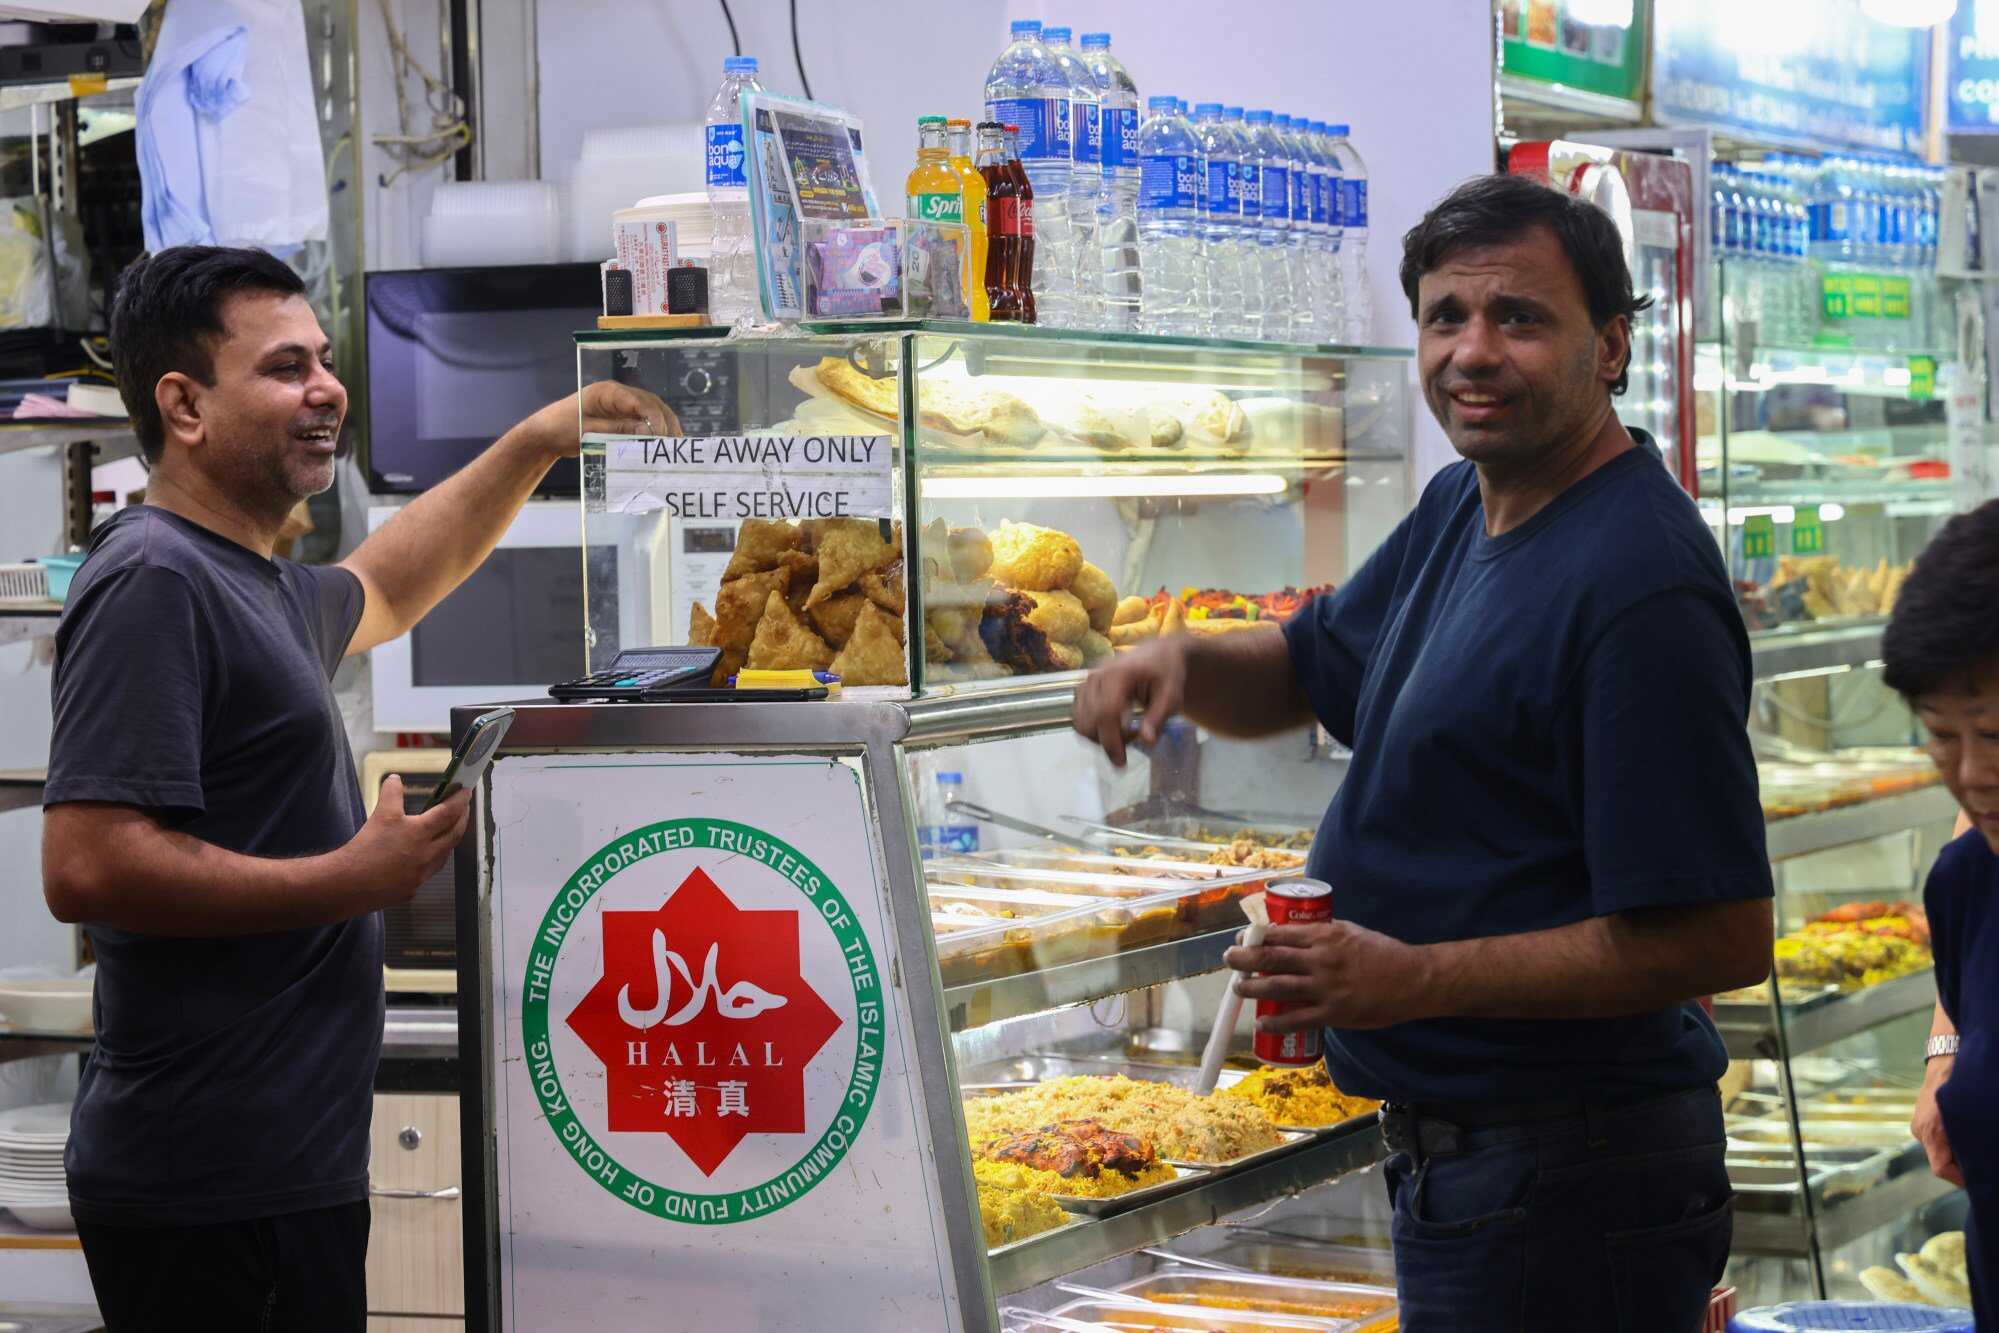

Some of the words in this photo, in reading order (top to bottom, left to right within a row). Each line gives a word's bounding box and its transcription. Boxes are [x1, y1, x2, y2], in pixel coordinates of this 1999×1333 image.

[708, 143, 729, 155] bon
[708, 155, 737, 168] aqua
[926, 196, 961, 217] Spri
[638, 437, 705, 464] TAKE
[713, 437, 795, 463] AWAY
[803, 436, 877, 463] ONLY
[665, 492, 728, 518] SELF
[736, 491, 849, 518] SERVICE
[707, 826, 821, 896] TRUSTEES
[543, 826, 694, 946] INCORPORATED
[822, 898, 851, 930] OF
[529, 952, 554, 1002] THE
[618, 928, 788, 1029] حلال
[844, 937, 873, 991] THE
[625, 1041, 783, 1066] HALAL
[849, 1001, 879, 1108] ISLAMIC
[530, 1033, 567, 1117] KONG.
[663, 1078, 750, 1117] 清真
[562, 1121, 620, 1185] HONG
[740, 1115, 855, 1216] COMMUNITY
[623, 1181, 655, 1206] OF
[664, 1195, 729, 1221] FUND

# # # # #

Exercise brief: Please print out the entries above exactly. The pictures stay out.

Response area:
Some of the words in this photo, in reading order (top to bottom, left to right within a row). Each line gives a word's bounding box and its transcription. Boxes are [x1, y1, x2, y2], in pixel coordinates of this 1999×1333 image.

[708, 143, 729, 155] bon
[708, 155, 737, 168] aqua
[926, 196, 961, 217] Spri
[638, 437, 705, 464] TAKE
[713, 437, 795, 463] AWAY
[803, 436, 877, 463] ONLY
[665, 492, 728, 518] SELF
[736, 491, 849, 518] SERVICE
[707, 826, 821, 896] TRUSTEES
[543, 826, 694, 946] INCORPORATED
[822, 898, 851, 930] OF
[529, 952, 554, 1002] THE
[618, 928, 788, 1029] حلال
[844, 937, 873, 991] THE
[625, 1041, 783, 1066] HALAL
[849, 1001, 879, 1108] ISLAMIC
[530, 1033, 567, 1117] KONG.
[663, 1078, 750, 1117] 清真
[562, 1121, 620, 1185] HONG
[740, 1115, 855, 1216] COMMUNITY
[623, 1181, 655, 1206] OF
[664, 1195, 729, 1221] FUND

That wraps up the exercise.